___ Material for this task ___
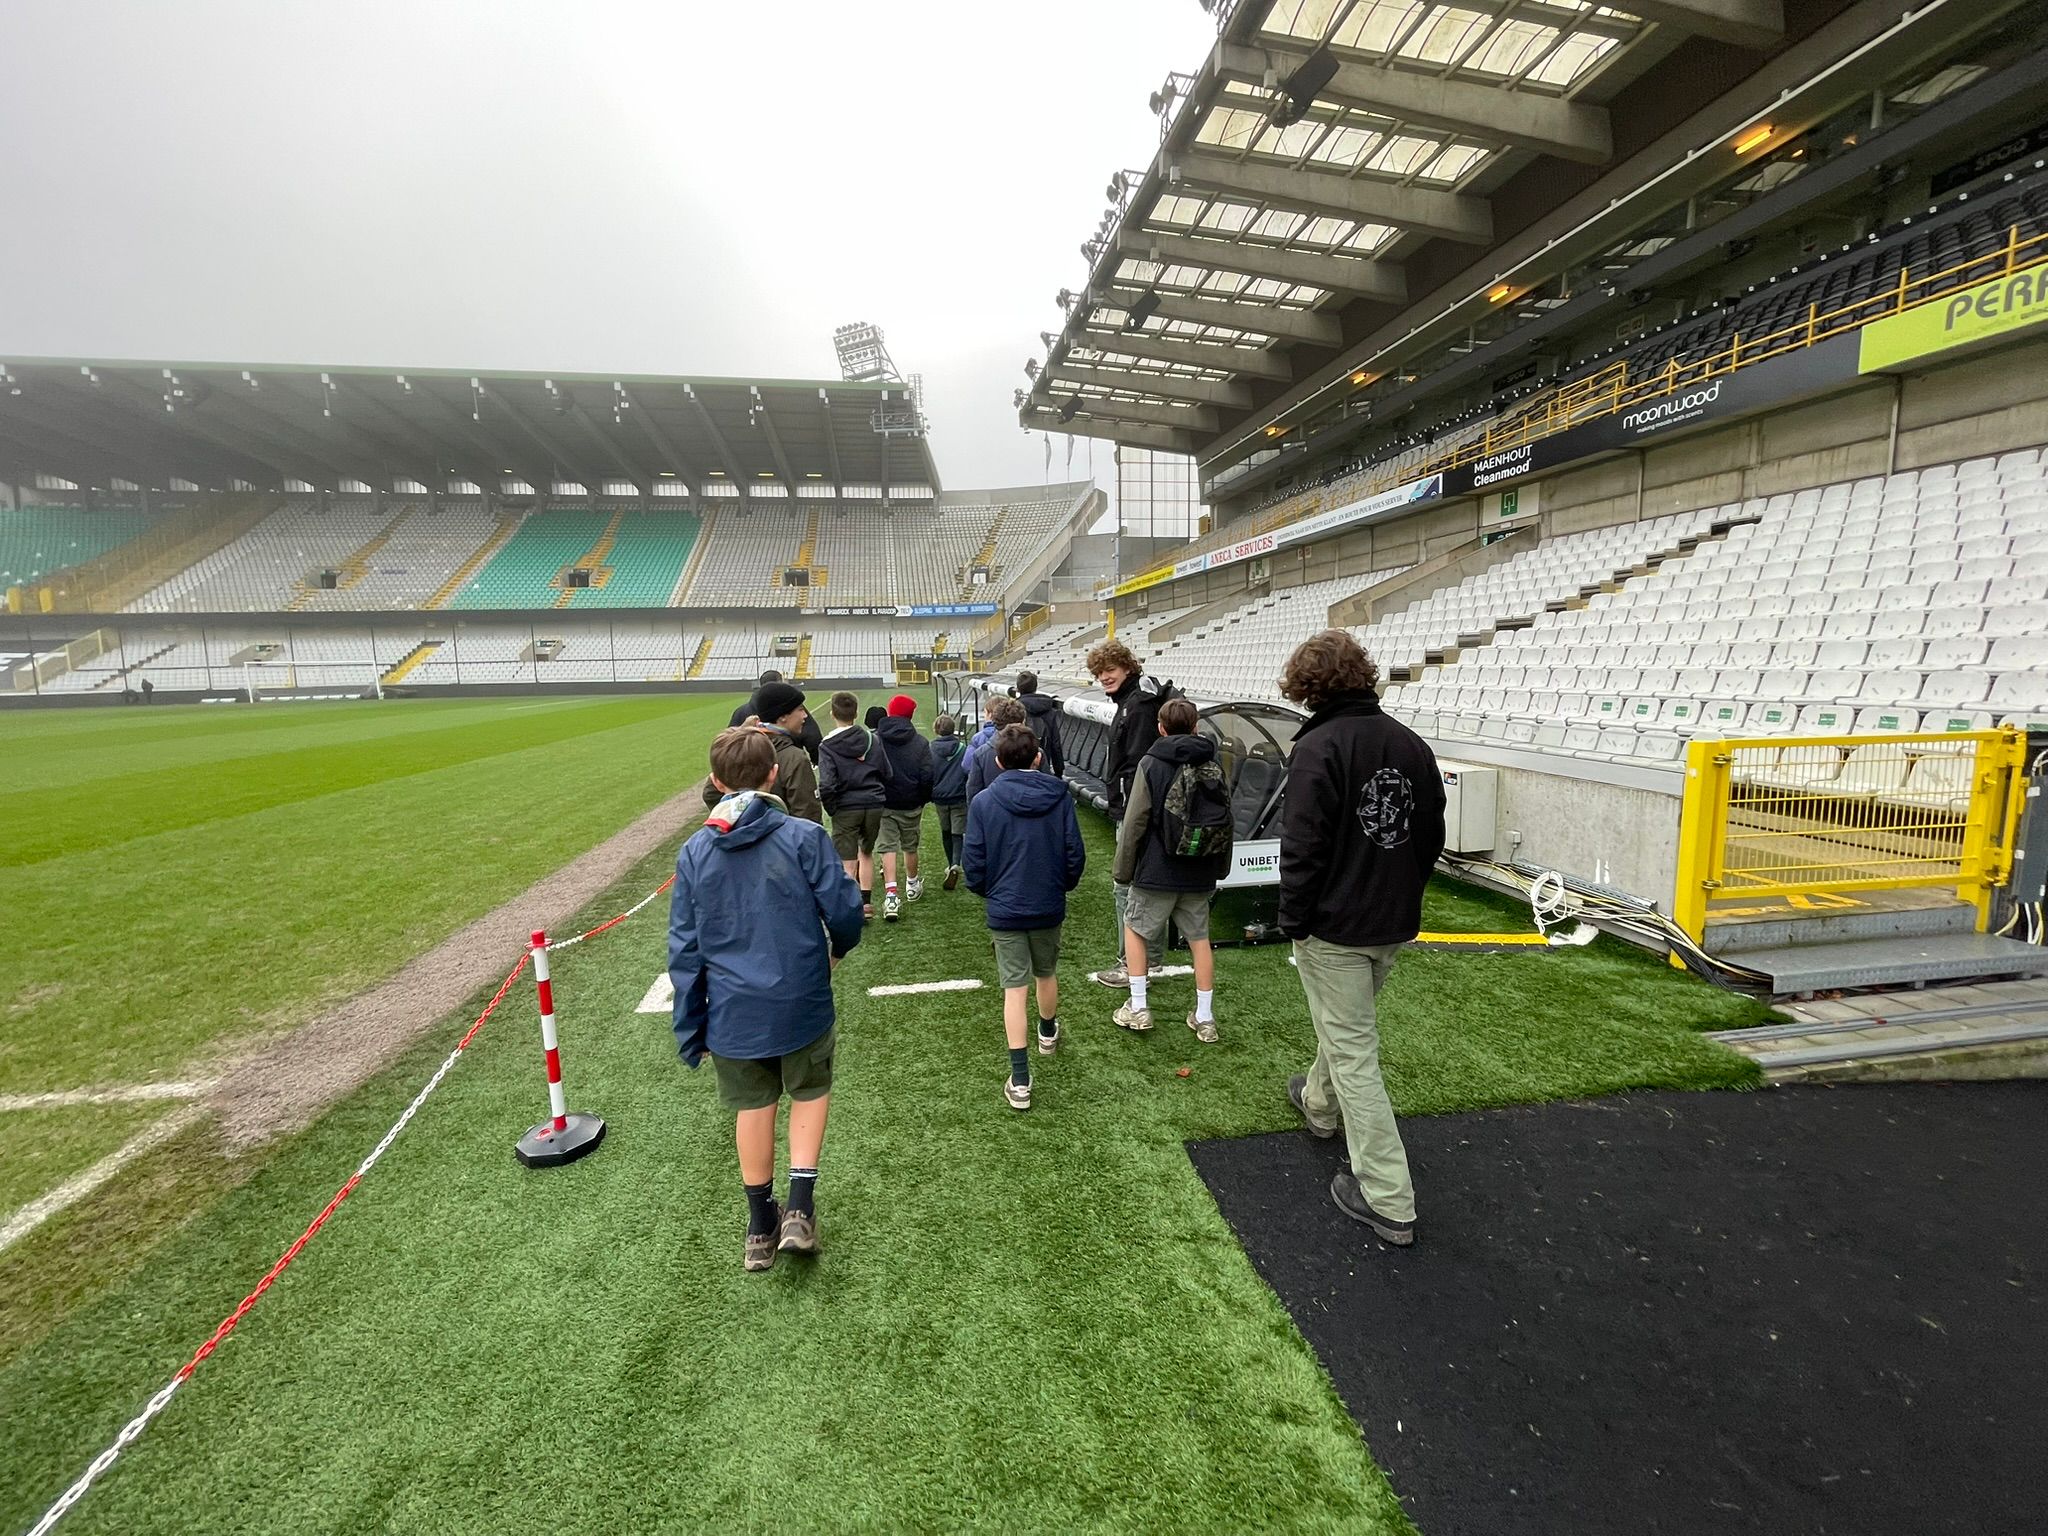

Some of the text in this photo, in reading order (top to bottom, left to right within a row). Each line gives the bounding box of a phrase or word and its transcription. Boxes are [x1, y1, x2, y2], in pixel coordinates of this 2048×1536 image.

[1623, 380, 1720, 430] moonwood
[1636, 424, 1656, 434] making
[1673, 414, 1686, 422] with
[1474, 444, 1533, 474] MAENHOUT
[1474, 459, 1531, 487] Cleanmood
[1210, 536, 1273, 565] ANECA SERVICES
[1240, 855, 1279, 867] UNIBET
___
Brief
Your task is to repeat the records exactly. Images do not belong in the copy.

The answer
Some of the text in this photo, in reading order (top to bottom, left to right within a row). Each line gives the bounding box of a phrase or word and its transcription. Boxes are [x1, y1, x2, y2], in pixel coordinates of this 2048×1536 image.

[1623, 380, 1720, 430] moonwood
[1636, 424, 1656, 434] making
[1673, 414, 1686, 422] with
[1474, 444, 1533, 474] MAENHOUT
[1474, 459, 1531, 487] Cleanmood
[1210, 536, 1273, 565] ANECA SERVICES
[1240, 855, 1279, 867] UNIBET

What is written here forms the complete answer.